For 20 years I've lived beside a public golf course. I play on it twice a week, and stroll over it most days.
It's extraordinary what I find: discarded undies and knickers (especially in the summer), cigarette lighters, towels, loose coins and bank-notes (though not frequently enough), wallets (always returned to the club-house), mobile phones (same), clubs and club-covers (same), remnants of clubs (smashed against trees in anger), unopened cans of beer and energy drinks (cheers), wrecked umbrellas, old socks, disreputable caps, odd shoes (but never a pair), bottle-tops, cigarette packets, plenty of single-use plastic - and lots of little white round things. I can't remember when I last purchased a golf-ball.
But mostly it's empty beer cans and bottles. And I try to pick most of them up. My golfing partners are often bemused to see me clamber under the shrubbery to gather a can or bottle. I don't know why. It only takes half a dozen heartbeats and the place sure looks better. I place the stuff in rubbish bins or take it home for recycling and reuse. We've got hard-working green-keepers. It must dishearten them to see bottles and cans strewn mindlessly under trees or in drains. Or ever so artfully in the fork of two branches.
And I'm not talking about a few. In two decades I must have removed some 15,000 cans and bottles. That's an awful lot of casual acts of indifference, carelessness, and irresponsibility.
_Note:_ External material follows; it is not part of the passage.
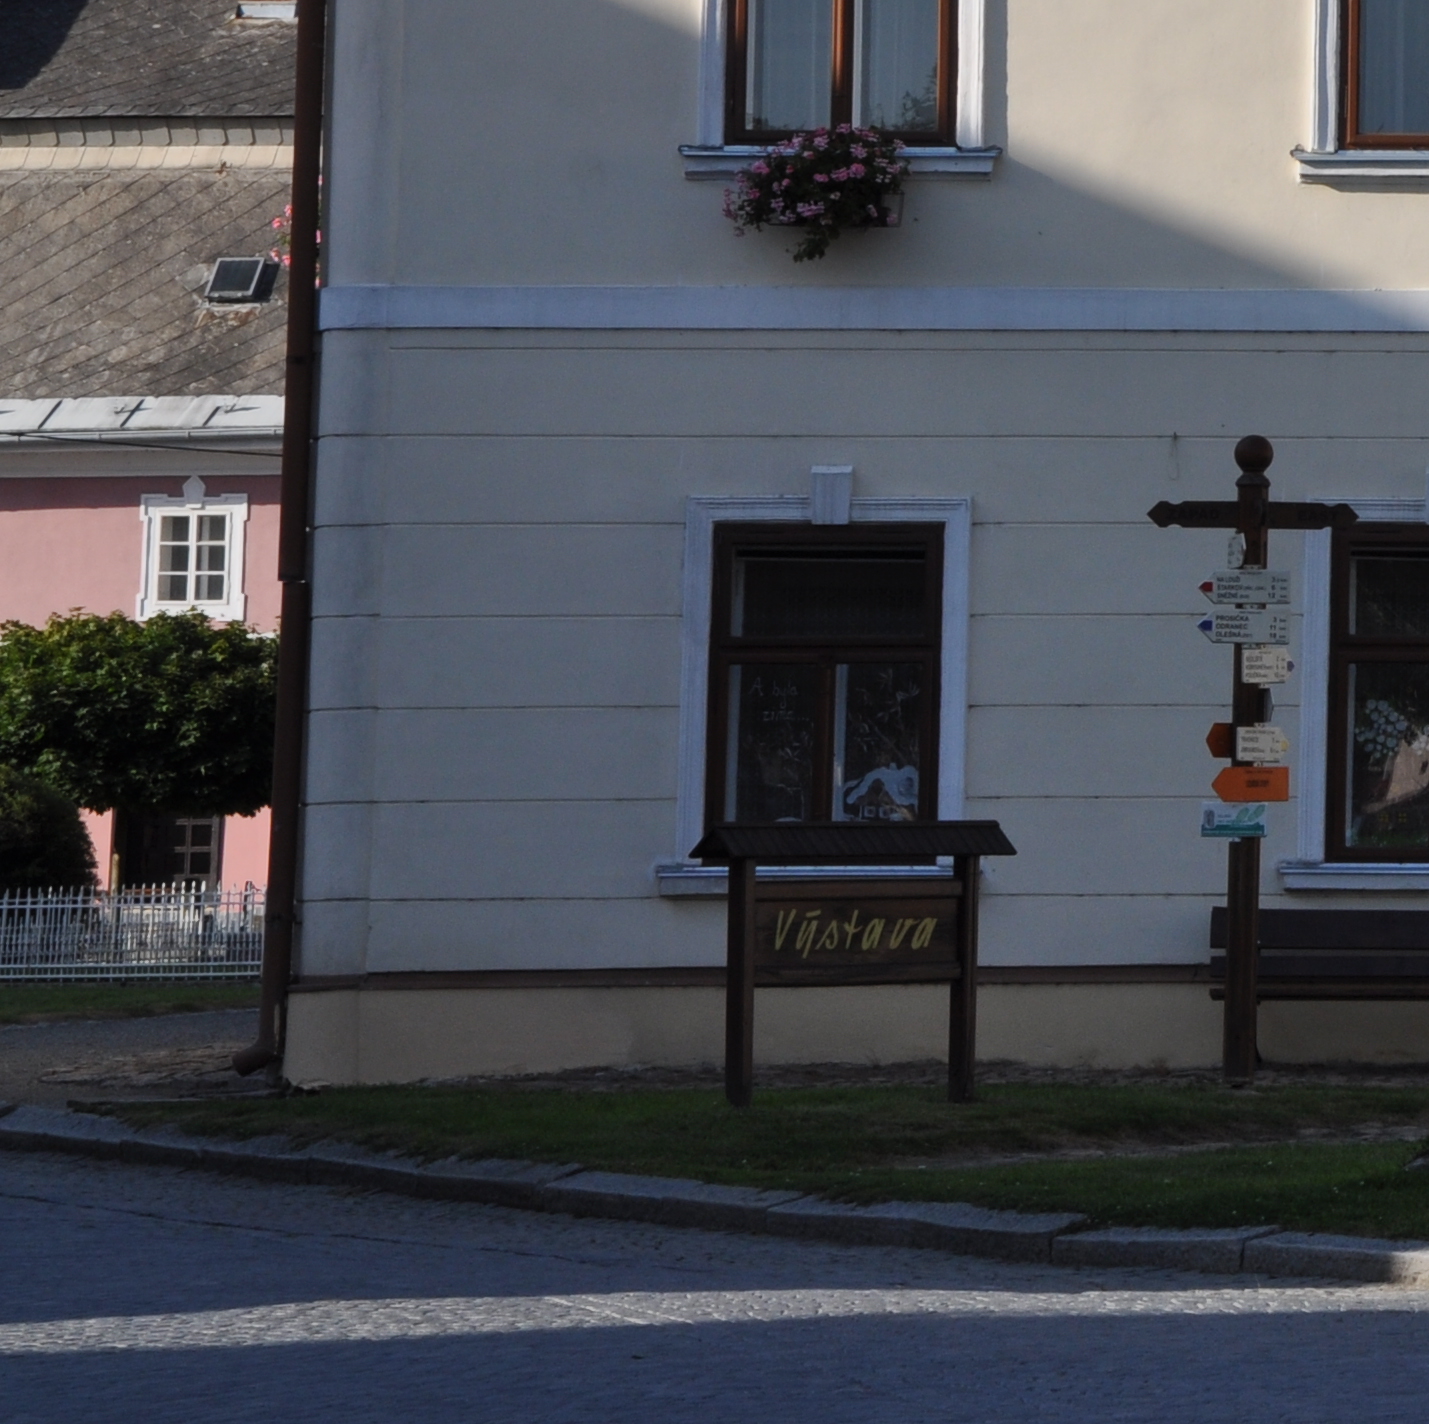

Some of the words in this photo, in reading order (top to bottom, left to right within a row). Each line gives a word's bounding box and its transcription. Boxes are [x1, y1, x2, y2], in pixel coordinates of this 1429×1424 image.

[748, 676, 764, 697] A
[772, 680, 799, 709] byla
[775, 909, 937, 959] Výstava
My hoovering won't grant me a knighthood from a grateful nation. Nor have the golfing gods ever rewarded me. After I've crushed a homeless beer can and placed it carefully in my golf-bag my next shot is just as unpredictable as before.
But it gives me some satisfaction to think that over the years I've tidied up a small mountain of rubbish to allow the sunshine and shadows to play seductively on fairways adorned with nothing but grass. That way, no matter where I finish in my foursome, I've still cleaned up on the course.
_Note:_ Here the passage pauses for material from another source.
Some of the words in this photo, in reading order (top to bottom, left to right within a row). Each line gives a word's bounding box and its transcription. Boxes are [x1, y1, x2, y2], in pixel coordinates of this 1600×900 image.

And if I just walked past, averting my gaze? Well, the park would soon resemble the Ogden Nash poem:
I think that I shall never see
A billboard lovely as a tree.
Indeed, unless the billboards fall
I'll never see a tree at all.
Maybe it's time to try the profit motive. If people won't tidy on civic-minded principle, perhaps they will for money. But our government or councils don't offer that inducement.
New Zealand officialdom doesn't seem interested in requiring a mandatory deposit on containers to encourage their return by consumers. It's not like that in Australia, most of Scandinavia, and a number of US states, to name a few.
And we don't have reverse vending machines - a device accepting empty beverage containers and returning cash to the user, as in Germany, for example. That's probably because of lobbying here by the beverage industry, which doesn't want its sales diminished because of an extra charge at point of sale.
Maybe the beverage industry has got it wrong. We Kiwis might in fact be more willing to buy the beverages of those manufacturers who are prepared to chance their arm for the environment's sake. And the heftier the charge the better. How about a dollar a bottle or can? That would see fewer such containers lying around trees or beaches. They might in fact be a blessed rarity. And our choice of a beverage priced in a way that will pretty well ensure its container will be responsibly returned for reuse or recycling would proclaim each user an eco hero.
In the meantime, let's applaud those admirable initiatives or organisations which are out there, getting rid of the stuff which too many of us toss blithely away to blight our land and marine environment: Project Jonah, Sustainable Coastlines, EcoEvents NZ, the Herald on Sunday's Beach Busters campaign, and many more, including the Watercare Harbour Clean-Up Trust.
Sponsored by Watercare, the trust works year-round to clean up litter from the Waitemata and Manukau Harbour waterways. Since 2002, its boats have removed almost 30 million individual pieces of litter. It makes my 15,000 bottles and cans seem positively paltry.
Never mind. I'm still going to tidy up on strolls and during my golf games - even if my swing remains as much a highway under construction as ever.
John Parker is an Auckland freelance writer.